During our inspection at Woodham Grange there was a very calm and relaxed atmosphere in the home and we saw staff Interacted with people in a friendly and respectful manner. People who used the service were unable to verbally communicate with us; however all appeared happy and relaxed with the staff on duty. We saw that the staff communicated with people who used the service effectively and in a caring way. We saw the staff understood people’s needs through signs, gestures and facial expressions. Two people’s family members described their relatives care as, “excellent.”
Staff and a visitor we spoke with described the management of the home as open and approachable.
Throughout both days we saw that people were comfortable and relaxed with the staff and the registered manager on duty. For example reaching out to hold staff hands, embracing staff with lots of smiling.
CQC monitors the operation of the Deprivation of Liberty Safeguards (DoLS) which applies to care homes. The Deprivation of Liberty Safeguards (DoLS) is part of the Mental Capacity Act 2005. They aim to make sure that people in care homes, hospitals and supported living are looked after in a way that does not inappropriately restrict their freedom. We discussed DoLS with the provider and looked at records. We found the provider was following the requirements of DoLS.
Staff we spoke with said they had received appropriate training. We saw records to support this. Staff had also received training in how to recognise and report abuse. We spoke with eight staff and all were clear about how to report any concerns. Staff said they were confident that any allegations made would be fully investigated to ensure people were protected.
Throughout the inspection we saw staff interacting with people in a caring and professional way. We saw a member of staff supporting one person with their mobility. They were interacting happily and laughing together. We saw another two staff assisting a person after having a bath. The person being assisted and both staff were singing which the person was clearly enjoying. We noted that throughout the inspection when staff offered support to people they always respected their wishes and described what how they were going to support them. We saw people smiling and happily engaging with staff when they were approached.

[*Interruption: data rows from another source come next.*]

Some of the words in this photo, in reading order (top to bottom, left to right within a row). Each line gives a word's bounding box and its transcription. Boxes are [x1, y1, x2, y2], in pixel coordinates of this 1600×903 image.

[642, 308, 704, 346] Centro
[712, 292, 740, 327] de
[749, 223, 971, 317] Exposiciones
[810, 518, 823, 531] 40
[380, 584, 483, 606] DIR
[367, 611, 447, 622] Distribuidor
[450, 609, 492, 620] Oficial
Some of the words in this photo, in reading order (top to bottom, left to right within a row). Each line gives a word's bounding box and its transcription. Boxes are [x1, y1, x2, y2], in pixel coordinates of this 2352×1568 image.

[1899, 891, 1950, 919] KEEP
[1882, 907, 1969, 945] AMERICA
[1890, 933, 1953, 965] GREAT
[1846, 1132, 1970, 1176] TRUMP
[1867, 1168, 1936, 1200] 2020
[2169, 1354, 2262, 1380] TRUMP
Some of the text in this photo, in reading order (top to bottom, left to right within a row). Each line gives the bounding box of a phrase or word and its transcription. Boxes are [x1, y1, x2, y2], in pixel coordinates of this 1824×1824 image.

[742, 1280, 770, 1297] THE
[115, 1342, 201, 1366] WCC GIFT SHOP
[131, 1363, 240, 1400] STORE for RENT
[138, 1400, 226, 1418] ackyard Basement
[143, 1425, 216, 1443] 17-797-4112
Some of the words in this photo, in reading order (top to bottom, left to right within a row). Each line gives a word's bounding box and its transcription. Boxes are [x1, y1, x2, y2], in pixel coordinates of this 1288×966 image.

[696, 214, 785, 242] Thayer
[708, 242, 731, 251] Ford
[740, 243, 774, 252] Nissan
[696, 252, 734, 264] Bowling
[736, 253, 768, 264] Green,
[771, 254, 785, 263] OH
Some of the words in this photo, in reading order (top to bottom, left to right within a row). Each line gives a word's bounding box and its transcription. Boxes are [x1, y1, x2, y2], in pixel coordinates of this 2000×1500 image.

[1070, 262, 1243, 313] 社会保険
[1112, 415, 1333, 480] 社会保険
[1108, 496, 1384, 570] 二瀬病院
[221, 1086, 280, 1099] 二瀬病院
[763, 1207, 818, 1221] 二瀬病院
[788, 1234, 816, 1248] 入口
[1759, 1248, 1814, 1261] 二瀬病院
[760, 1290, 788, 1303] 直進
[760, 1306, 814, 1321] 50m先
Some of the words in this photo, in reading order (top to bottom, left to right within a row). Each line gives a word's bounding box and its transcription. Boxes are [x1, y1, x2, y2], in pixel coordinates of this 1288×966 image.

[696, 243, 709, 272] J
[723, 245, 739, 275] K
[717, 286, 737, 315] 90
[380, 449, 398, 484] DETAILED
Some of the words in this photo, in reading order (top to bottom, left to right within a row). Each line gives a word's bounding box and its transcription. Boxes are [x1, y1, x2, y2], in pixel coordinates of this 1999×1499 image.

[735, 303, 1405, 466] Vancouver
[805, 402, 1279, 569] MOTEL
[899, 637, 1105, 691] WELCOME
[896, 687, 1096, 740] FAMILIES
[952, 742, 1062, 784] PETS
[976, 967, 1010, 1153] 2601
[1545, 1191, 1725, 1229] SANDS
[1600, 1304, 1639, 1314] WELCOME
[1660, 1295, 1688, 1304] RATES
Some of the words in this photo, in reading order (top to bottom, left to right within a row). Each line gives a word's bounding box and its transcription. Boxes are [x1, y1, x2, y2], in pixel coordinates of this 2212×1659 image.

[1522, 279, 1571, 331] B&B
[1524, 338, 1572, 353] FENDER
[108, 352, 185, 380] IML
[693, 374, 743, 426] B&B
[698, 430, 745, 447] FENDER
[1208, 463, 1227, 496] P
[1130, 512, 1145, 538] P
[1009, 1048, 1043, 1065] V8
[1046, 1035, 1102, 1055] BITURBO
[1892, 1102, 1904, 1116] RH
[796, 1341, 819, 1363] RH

We saw there was a weekly activity programme and records showed that people were able to take part in group activities or on a one to one basis. We saw activities were personalised and there were very regular outings and holidays planned.
We saw people were treated with respect and privacy was upheld.
People received a wholesome and balanced diet and at times convenient to them.
We saw the provider had policies and procedures for dealing with medicines and these were adhered to.
The provider had an effective pictorial complaints procedure which people and their representatives were able to use. We saw all people who used the service had an independent advocate who could act in their best interests.
We saw people who used the service were supported and protected by the provider’s recruitment policy and practices.
The home was clean and equipment used was regularly serviced.
The provider had a quality assurance system, based on seeking the views of people, their relatives and other health and social care professionals. There was a systematic cycle of planning, action and review, reflecting aims and outcomes for people who used the service.
Staff told us they received regular supervision. We saw records to support this.
The kitchen units and worktops were worn chipped and scorched and posed a hazard.
People who used services and others were not protected against the risks associated with unsafe or unsuitable premises because of inadequate maintenance.
This is a breach of Regulation 15.
You can see what action we have asked the provider to take at the back of this inspection report.